Ed è proprio questo il corto circuito che non sono riuscito a risolvere: il pubblico (generalista, maggioritario, trasversale, l’aggettivo sceglietelo voi) ha davvero così tanta paura ad approcciarsi ad una nuova ondata musicale, da non riuscirci se non attraverso il filtro Faber? Oppure sono queste nuove leve a non sapersi reggere in piedi di fronte al mondo pop se non con il bastone di Fabrizio?
Non vorrei che questo album diventasse l’implicita conferma che se non passa su orme conosciute, un nuovo artista non sarà preso mai del tutto in considerazione dal grande pubblico. Eppure questa sensazione serpeggia, come se ci fosse molta paura nel mostrare il mondo indie per quello che è, con tutte le sue controversie, limiti, punti deboli e differenze espressive rispetto al cantautorato italiano storico.
Col tono disfattista ormai tanto caro a noi millennials, verrebbe da dire che questa operazione non è altro che specchio dei tempi: un passato ingombrante che è bene superare, ma senza avere la forza della rottura violenta e necessaria.

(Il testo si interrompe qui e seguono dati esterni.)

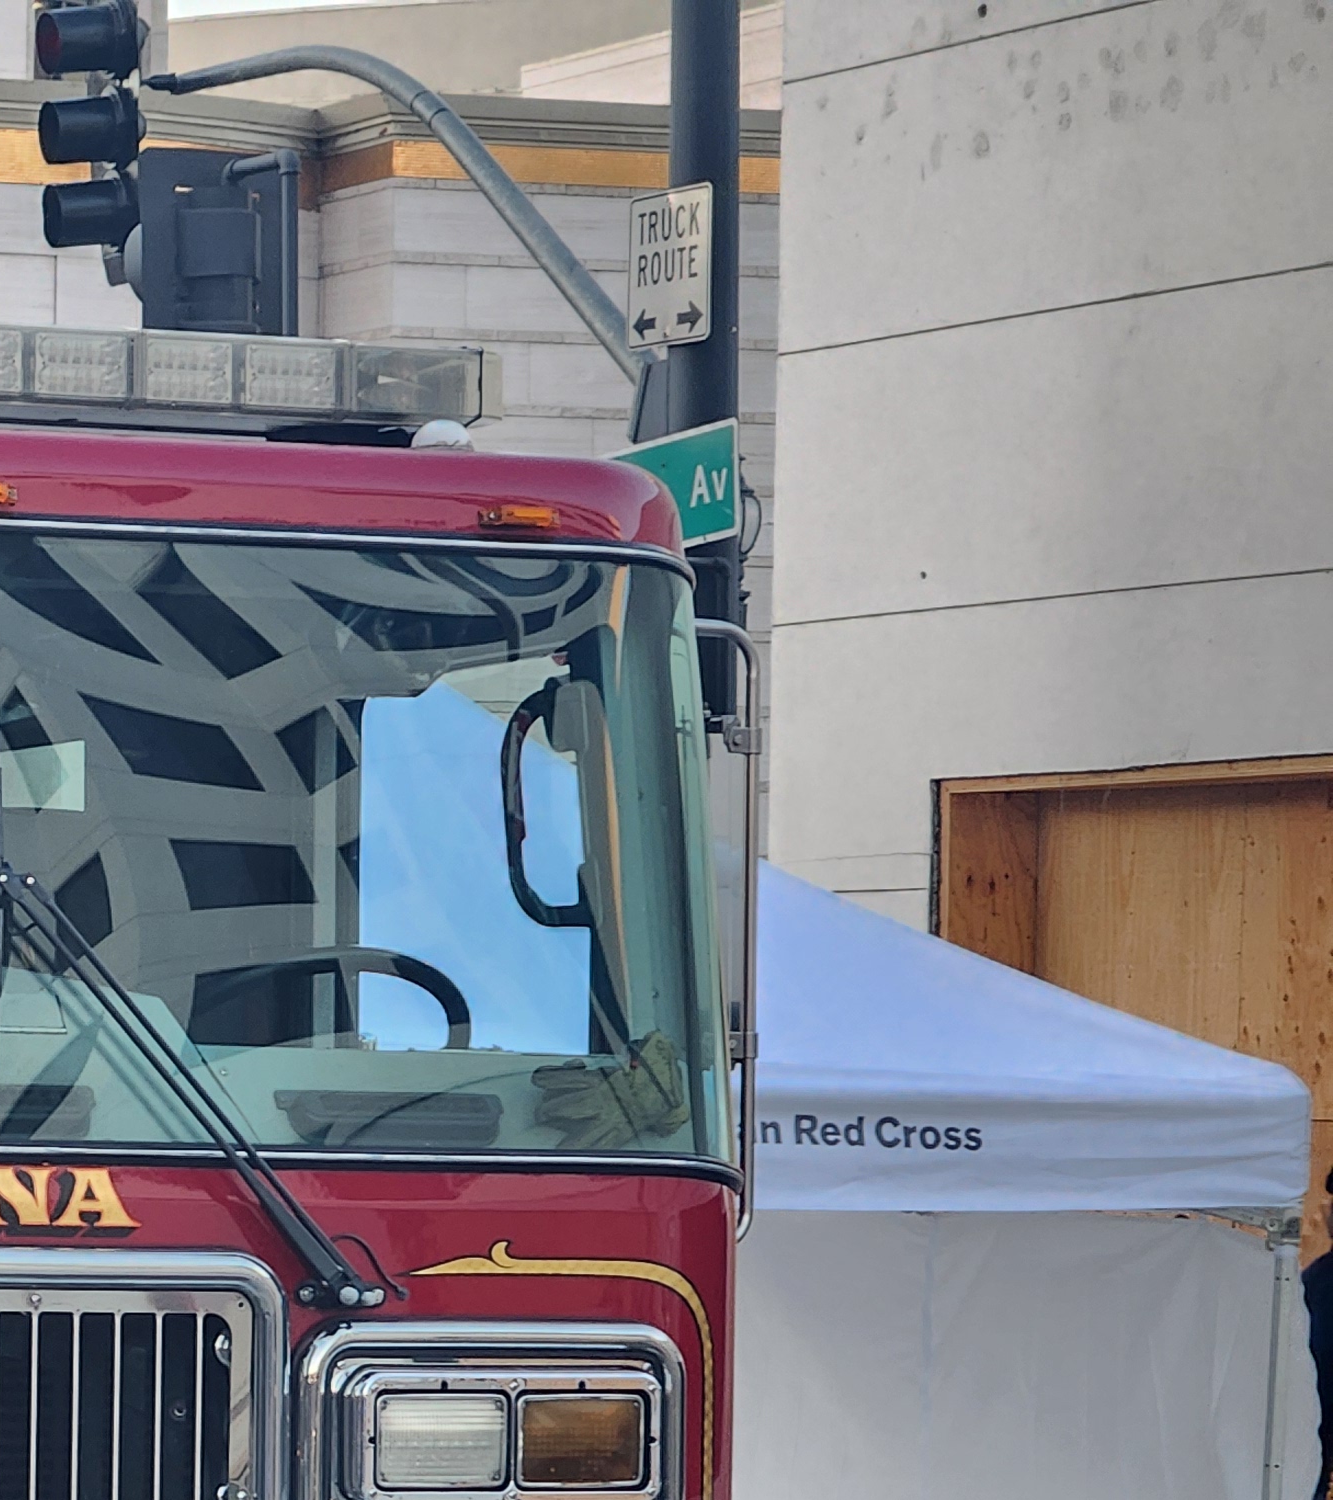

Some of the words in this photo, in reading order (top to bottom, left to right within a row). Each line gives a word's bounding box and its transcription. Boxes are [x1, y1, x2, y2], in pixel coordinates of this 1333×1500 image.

Un passaggio dalla vecchia guardia ai giovani, ma senza che loro abbiano uno spazio di manovra eccessiva; gettare il cuore oltre l’ostacolo puntando sull’indie, ma facendo sì che l’insegna sotto cui tutto si muove incuta quasi timore a chi fa parte del progetto. Ne è la prova il fatto che, a detta della stessa Sony Legacy e degli artisti presenti, molti cantanti contattati per prendere parte a Faber Nostrum si siano rifiutati per paura del confronto, del giudizio o per l’estremo rispetto nei confronti di De André. Vuoi dargli torto quando si parla di una figura che più che suddividere il pubblico tra fan e detrattori li spinge verso il tifo pro o contro di lui? Vista la facilità con cui si entra in questo meccanismo, non me la sento.
Faber Nostrum, in definitiva è un album, un’idea e un progetto che ho paura lasci le cose esattamente come le ha trovate, non è un “greatest hits dell’indie”, non è un best of di De André, ma solo una raccolta un po’ paracula che non penso amplierà il pubblico di Faber, né farà sbarcare l’indie/itpop su lidi inesplorati. Ma io sono un pessimista e sotto sotto spero di sbagliarmi.